[Collected data entries]
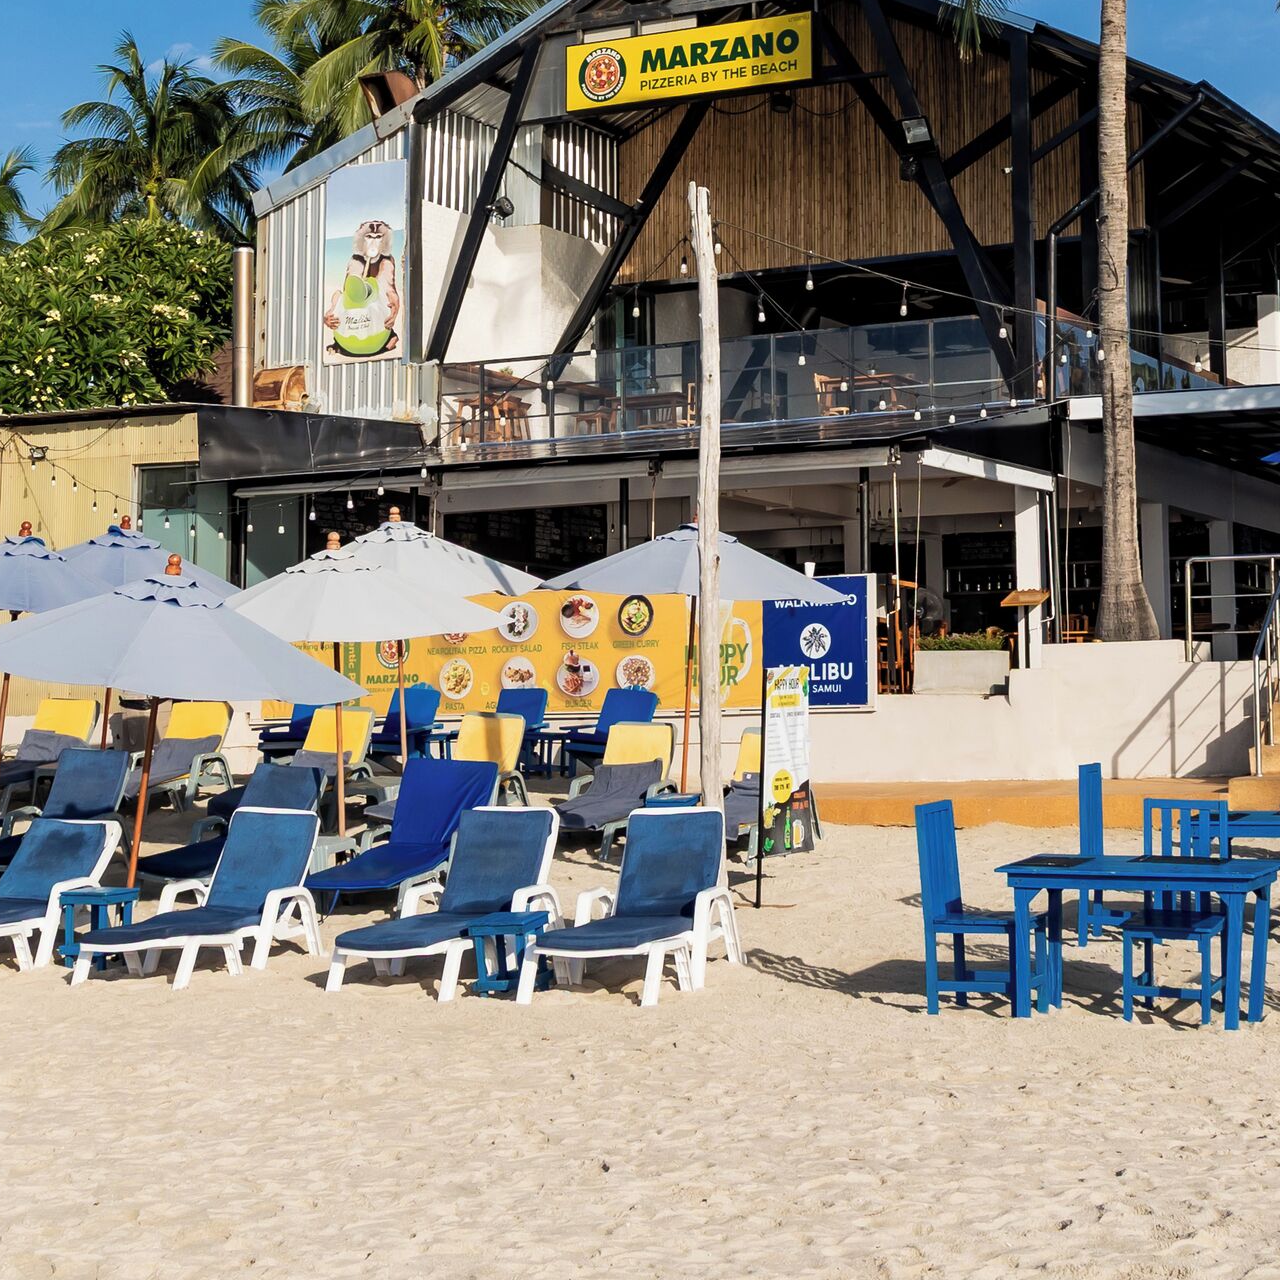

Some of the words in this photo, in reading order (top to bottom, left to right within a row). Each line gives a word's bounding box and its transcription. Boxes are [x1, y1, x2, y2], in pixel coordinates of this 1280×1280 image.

[586, 48, 621, 63] MARZANO
[640, 28, 800, 73] MARZANO
[640, 73, 697, 91] PIZZERIA
[701, 71, 718, 83] BY
[722, 66, 748, 80] THE
[751, 59, 798, 76] BEACH
[561, 642, 576, 650] FISH
[578, 641, 599, 650] STEAK
[636, 639, 660, 648] CURRY
[469, 646, 487, 655] PIZZA
[491, 645, 518, 654] ROCKET
[520, 644, 542, 653] SALAD
[685, 643, 749, 665] HPY
[778, 662, 853, 681] LIBU
[812, 684, 842, 694] SAMUI
[445, 702, 465, 710] PASTA
[565, 699, 592, 708] BURGER
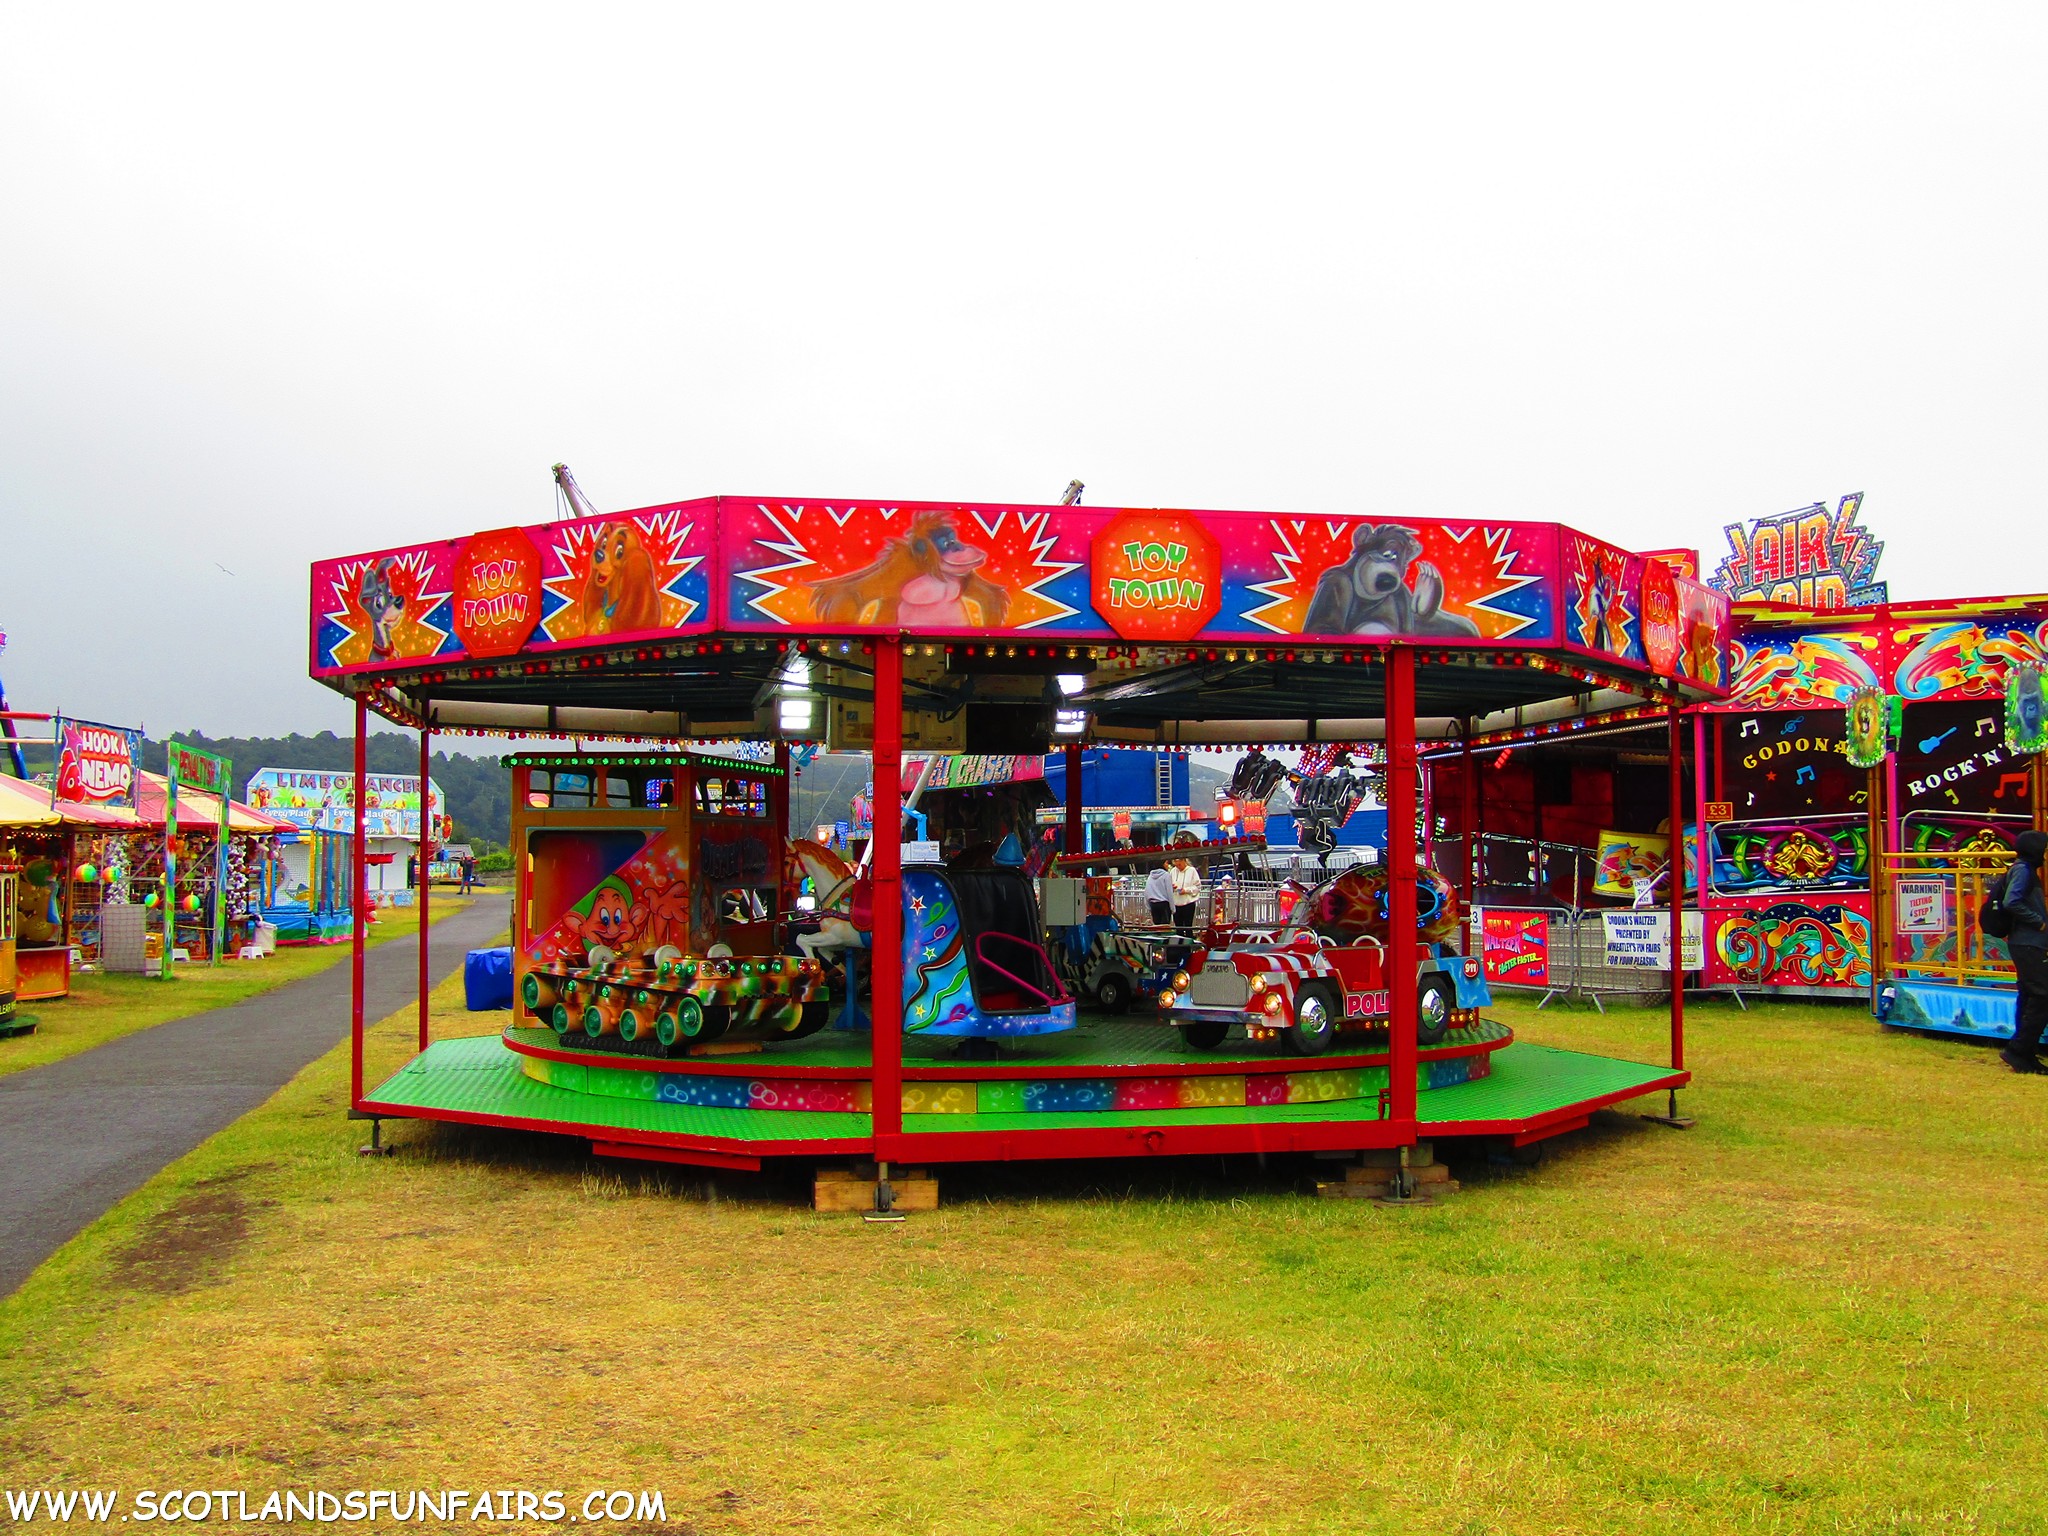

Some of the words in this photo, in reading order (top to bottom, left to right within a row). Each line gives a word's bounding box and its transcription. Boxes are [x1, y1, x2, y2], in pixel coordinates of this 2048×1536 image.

[1123, 541, 1188, 573] TOY
[1752, 512, 1831, 585] AIR
[473, 559, 517, 592] TOY
[1109, 578, 1205, 611] TOWN
[1650, 589, 1670, 620] TOY
[463, 593, 528, 628] TOWN
[1646, 619, 1677, 654] TOWN
[82, 730, 119, 754] HOOK
[119, 741, 129, 757] A
[82, 759, 132, 789] NEMO
[956, 755, 1016, 785] CHASER
[277, 772, 348, 789] LIMBO
[352, 776, 421, 793] ANCER
[333, 809, 354, 817] Ever
[1710, 804, 1727, 816] £3
[1634, 879, 1649, 887] ENTER
[1901, 884, 1941, 894] WARNING!
[1471, 911, 1479, 924] 3
[1634, 916, 1657, 925] WALTZER
[1913, 907, 1930, 918] STEP
[1483, 932, 1521, 954] WALTZER
[1643, 930, 1650, 939] BY
[1607, 942, 1637, 953] WHEATLEY'S
[1645, 943, 1661, 953] FAIRS
[1465, 963, 1477, 973] 911
[1498, 957, 1518, 976] FASTER
[1607, 955, 1618, 965] FOR
[1619, 956, 1633, 965] YOUR

• _Problem to work on_
A word-for-word copy of the data above is needed, one that omits the pictures.

• _Finished exercise_
Some of the words in this photo, in reading order (top to bottom, left to right within a row). Each line gives a word's bounding box and its transcription. Boxes are [x1, y1, x2, y2], in pixel coordinates of this 1280×1280 image.

[586, 48, 621, 63] MARZANO
[640, 28, 800, 73] MARZANO
[640, 73, 697, 91] PIZZERIA
[701, 71, 718, 83] BY
[722, 66, 748, 80] THE
[751, 59, 798, 76] BEACH
[561, 642, 576, 650] FISH
[578, 641, 599, 650] STEAK
[636, 639, 660, 648] CURRY
[469, 646, 487, 655] PIZZA
[491, 645, 518, 654] ROCKET
[520, 644, 542, 653] SALAD
[685, 643, 749, 665] HPY
[778, 662, 853, 681] LIBU
[812, 684, 842, 694] SAMUI
[445, 702, 465, 710] PASTA
[565, 699, 592, 708] BURGER

Some of the words in this photo, in reading order (top to bottom, left to right within a row). Each line gives a word's bounding box and its transcription. Boxes are [x1, y1, x2, y2], in pixel coordinates of this 2048×1536 image.

[1123, 541, 1188, 573] TOY
[1752, 512, 1831, 585] AIR
[473, 559, 517, 592] TOY
[1109, 578, 1205, 611] TOWN
[1650, 589, 1670, 620] TOY
[463, 593, 528, 628] TOWN
[1646, 619, 1677, 654] TOWN
[82, 730, 119, 754] HOOK
[119, 741, 129, 757] A
[82, 759, 132, 789] NEMO
[956, 755, 1016, 785] CHASER
[277, 772, 348, 789] LIMBO
[352, 776, 421, 793] ANCER
[333, 809, 354, 817] Ever
[1710, 804, 1727, 816] £3
[1634, 879, 1649, 887] ENTER
[1901, 884, 1941, 894] WARNING!
[1471, 911, 1479, 924] 3
[1634, 916, 1657, 925] WALTZER
[1913, 907, 1930, 918] STEP
[1483, 932, 1521, 954] WALTZER
[1643, 930, 1650, 939] BY
[1607, 942, 1637, 953] WHEATLEY'S
[1645, 943, 1661, 953] FAIRS
[1465, 963, 1477, 973] 911
[1498, 957, 1518, 976] FASTER
[1607, 955, 1618, 965] FOR
[1619, 956, 1633, 965] YOUR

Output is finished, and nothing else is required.